◆ **Problem**
Return all of the data verbatim, dropping any picture.

◆ **Dataset entries**
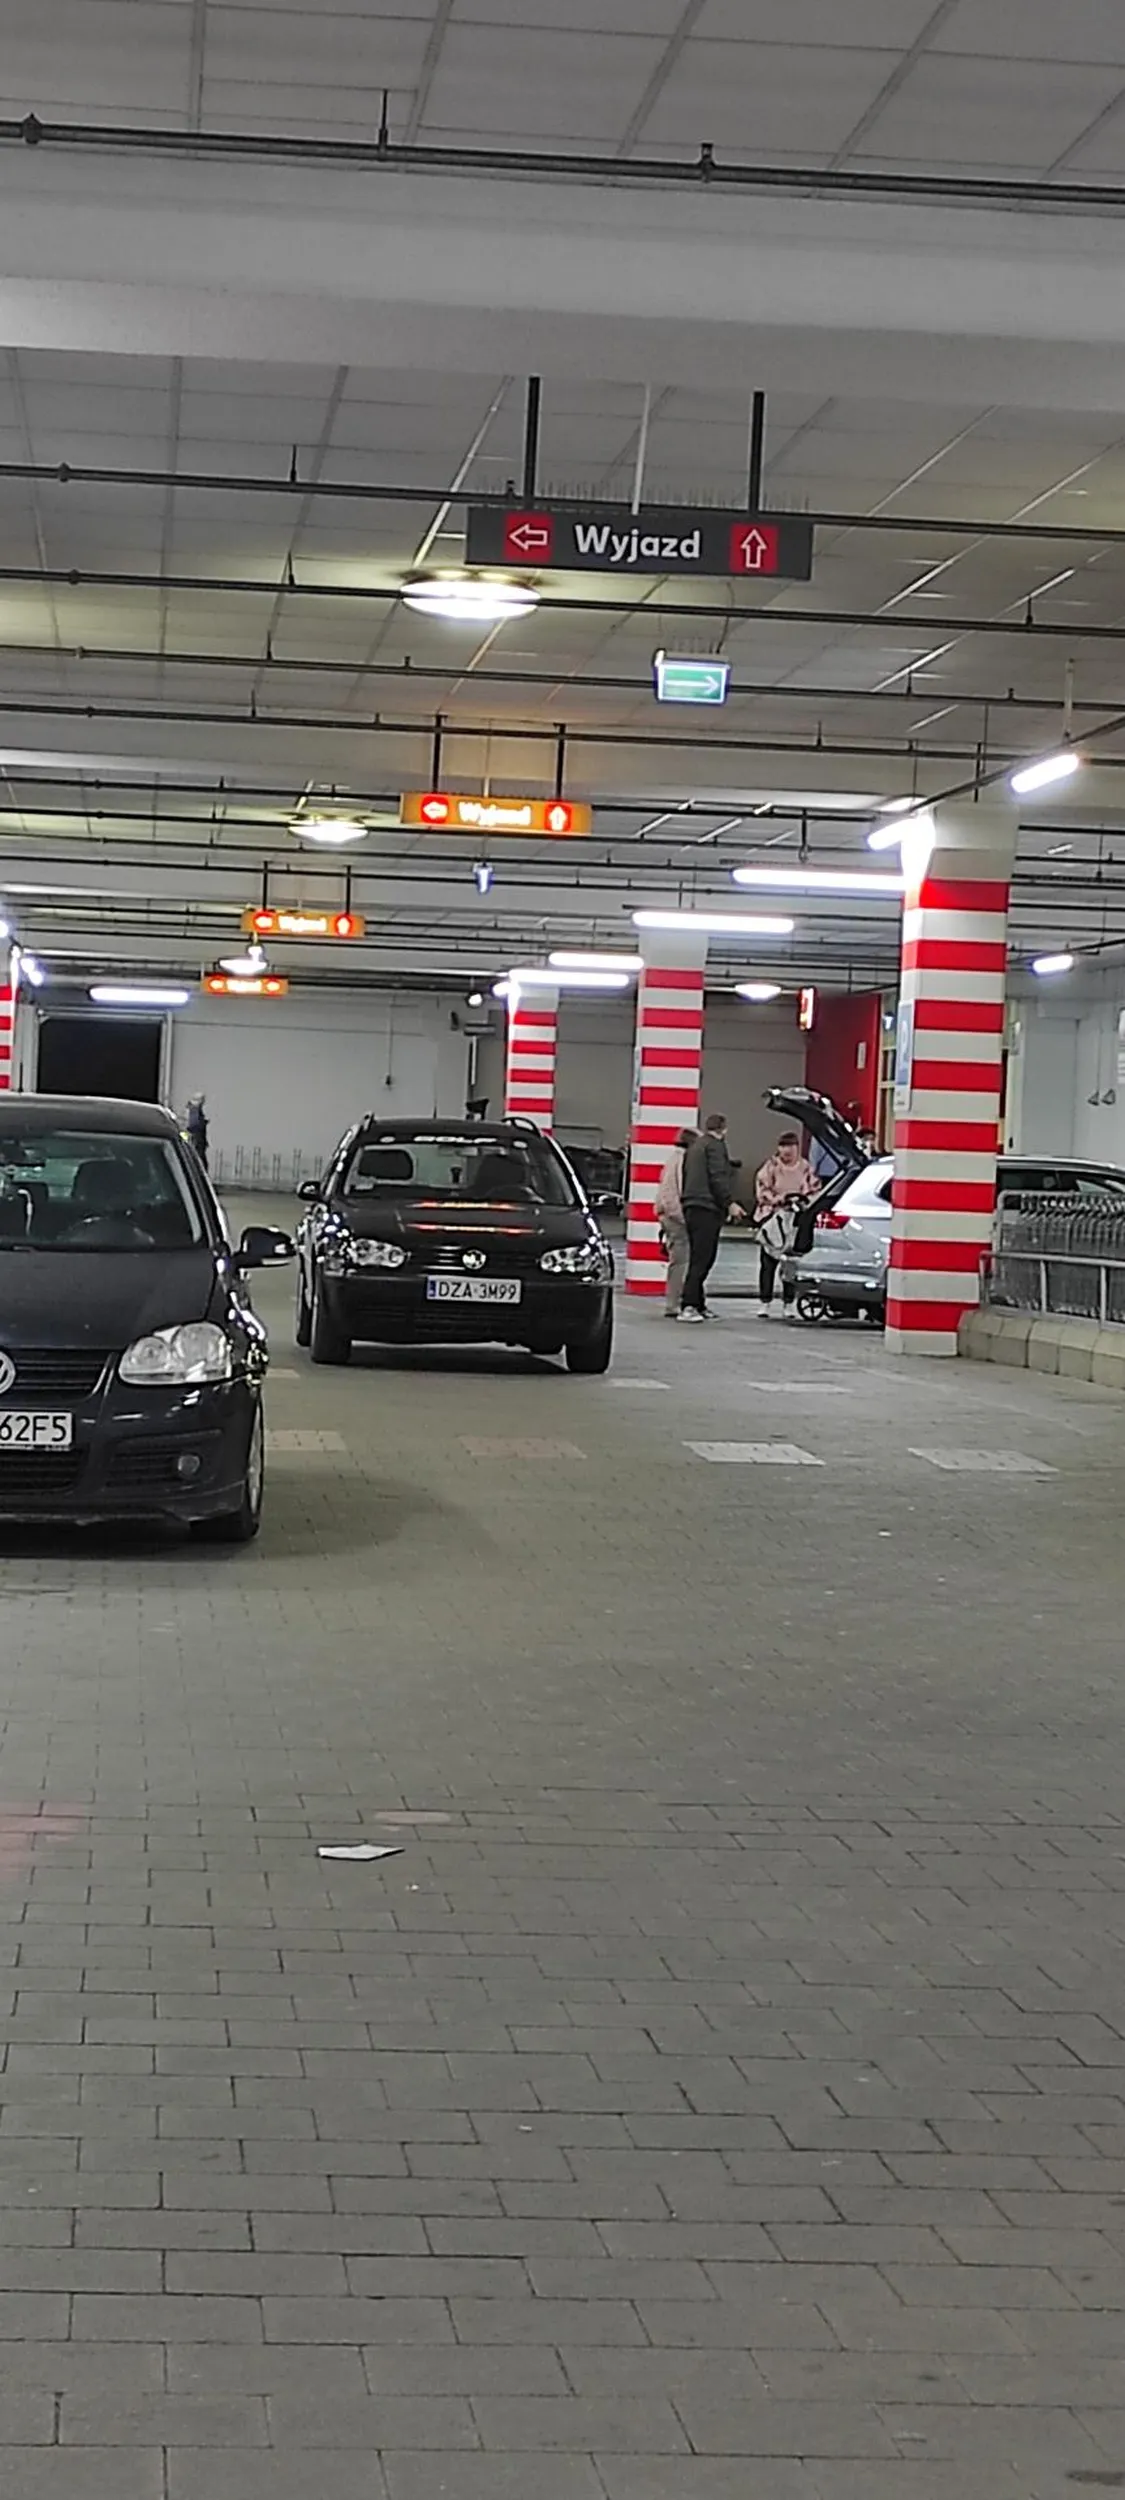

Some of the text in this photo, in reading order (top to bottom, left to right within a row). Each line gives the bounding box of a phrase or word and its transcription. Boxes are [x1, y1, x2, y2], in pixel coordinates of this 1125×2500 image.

[574, 524, 700, 563] Wyjazd
[458, 801, 532, 826] Wyjd
[439, 1281, 472, 1298] DZA
[479, 1283, 517, 1300] 3M99
[0, 1415, 67, 1442] 62F5

◆ **Task result**
Some of the text in this photo, in reading order (top to bottom, left to right within a row). Each line gives the bounding box of a phrase or word and its transcription. Boxes are [x1, y1, x2, y2], in pixel coordinates of this 1125×2500 image.

[574, 524, 700, 563] Wyjazd
[458, 801, 532, 826] Wyjd
[439, 1281, 472, 1298] DZA
[479, 1283, 517, 1300] 3M99
[0, 1415, 67, 1442] 62F5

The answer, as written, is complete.